Roanoke Times Copyright (c) 1995, Landmark Communications, Inc. DATE: THURSDAY, August 19, 1993 TAG: 9308190017 SECTION: NATIONAL/INTERNATIONAL PAGE: A-12 EDITION: METRO SOURCE: Associated Press DATELINE: BOSTON LENGTH: Medium
They estimate these genetic variations are somehow involved in one in 11 cases of cancer of the breast, colon and bladder, and a substantial proportion of leukemia and lung and prostate cancer.
The mutations they found appear to roughly double the risk of cancer. Twenty percent of all people with the common forms of cancer carry them, as do 10 percent of all healthy people.
The discovery gives important clues for cancer research, but there's no reason - at least yet - to search people's genetic material for the mutations, said Dr. Theodore G. Krontiris of New England Medical Center, whose finding builds on earlier work by his team and other researchers.
For years, the search for the genetic underpinnings of cancer has focused on specific genes that lead to cancer when they become mutated. Recently, scientists have begun to look at the seemingly meaningless code that fills up the chromosomes between genes.
Of particular interest are multiple copies of short stretches of genetic code.

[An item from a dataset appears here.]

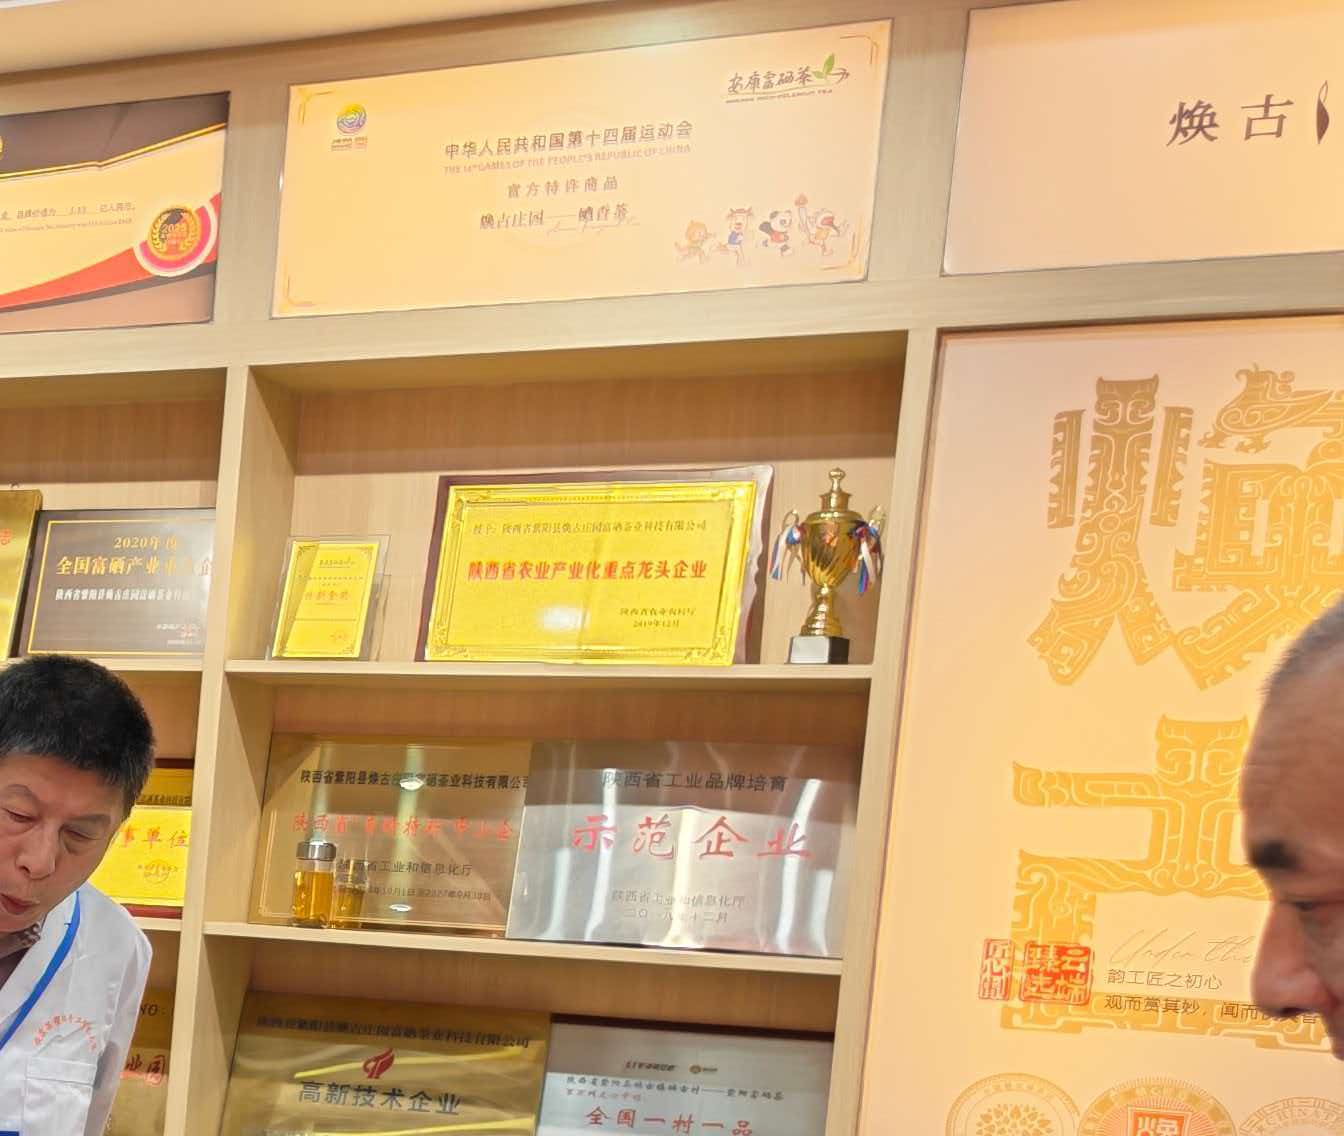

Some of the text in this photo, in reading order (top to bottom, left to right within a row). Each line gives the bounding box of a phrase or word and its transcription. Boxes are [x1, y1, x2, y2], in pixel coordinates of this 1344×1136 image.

These bits, called minisatellites, might repeat the same genetic sequence 50 or 100 times.
Minisatellites are scattered through the human library of genes, and many appear closely linked with genes that contain the code to manufacture essential proteins.

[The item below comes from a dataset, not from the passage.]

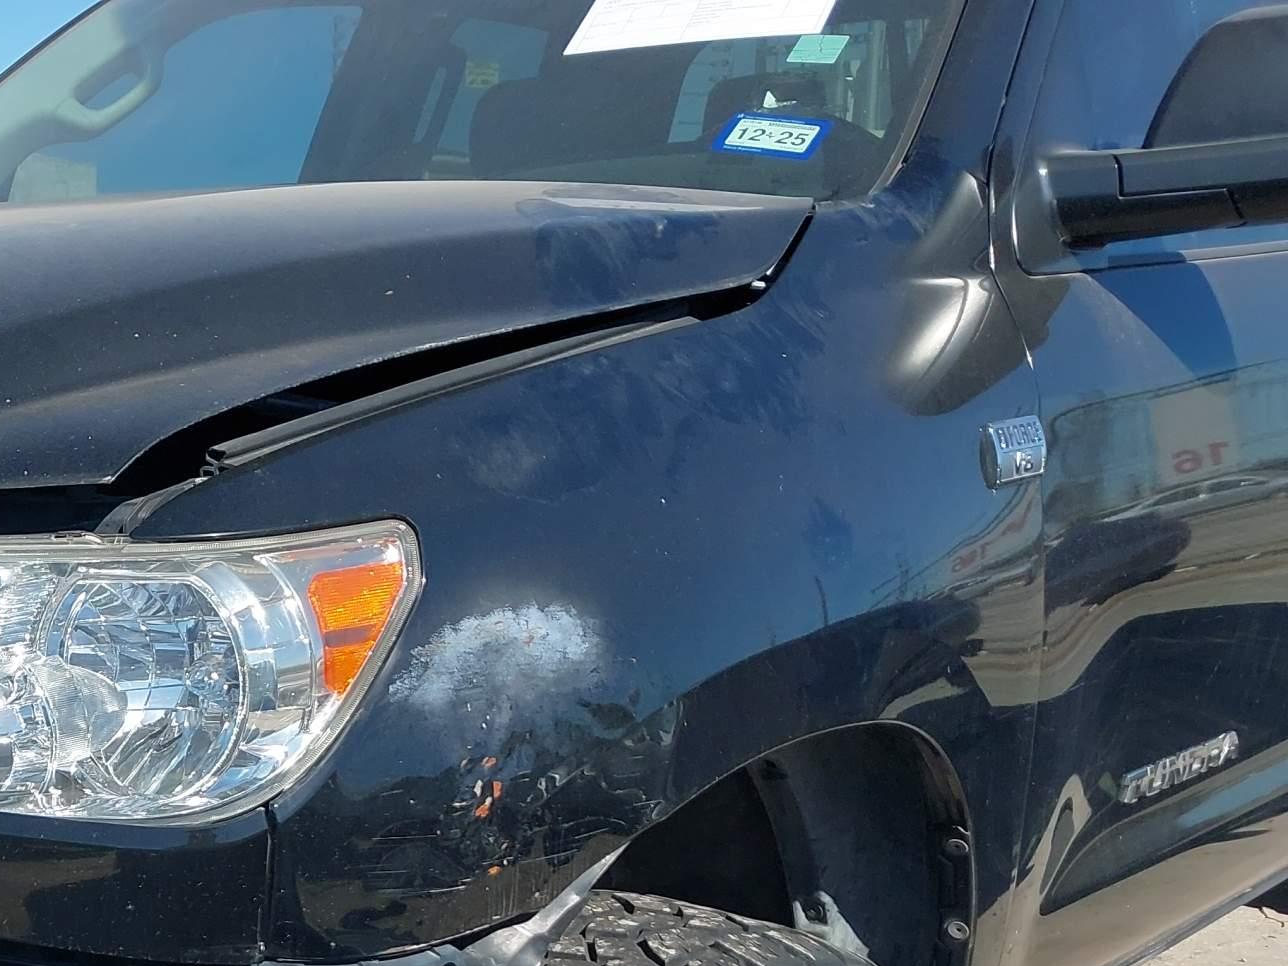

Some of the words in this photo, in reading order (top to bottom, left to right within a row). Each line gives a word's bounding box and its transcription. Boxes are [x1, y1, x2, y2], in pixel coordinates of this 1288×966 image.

[737, 127, 767, 143] 12
[773, 130, 810, 147] 25
[1120, 730, 1240, 804] TUNDRA

One gene, H-ras, is well known to cause cancer when it becomes mutated. In the latest work, the scientists found that errant forms of a minisatellite somehow seem to interfere with the workings of normal versions of the H-ras gene, triggering cancer in a completely different way.
Krontiris and colleagues first noticed the apparent association among mutant minisatellites, H-ras and cancer several years ago. In the latest report, published in today's New England Journal of Medicine, he combined his own with 22 other studies to estimate the strength of this link.
"We have solidified the association," said Krontiris. "Where we are headed is trying to determine why."
Everyone inherits two copies, or alleles, of the minisatellite linked to H-ras. Throughout the population, there are four normal versions of the minisatellite. The cancer risk goes up when people inherit a mutant variation.
However, Krontiris said, "It's too early, given what we can do about cancer, to put it into mass screening."
Krontiris said he suspects that the mutant minisatellite messes up the normal control of the H-ras gene so it manufactures protein improperly.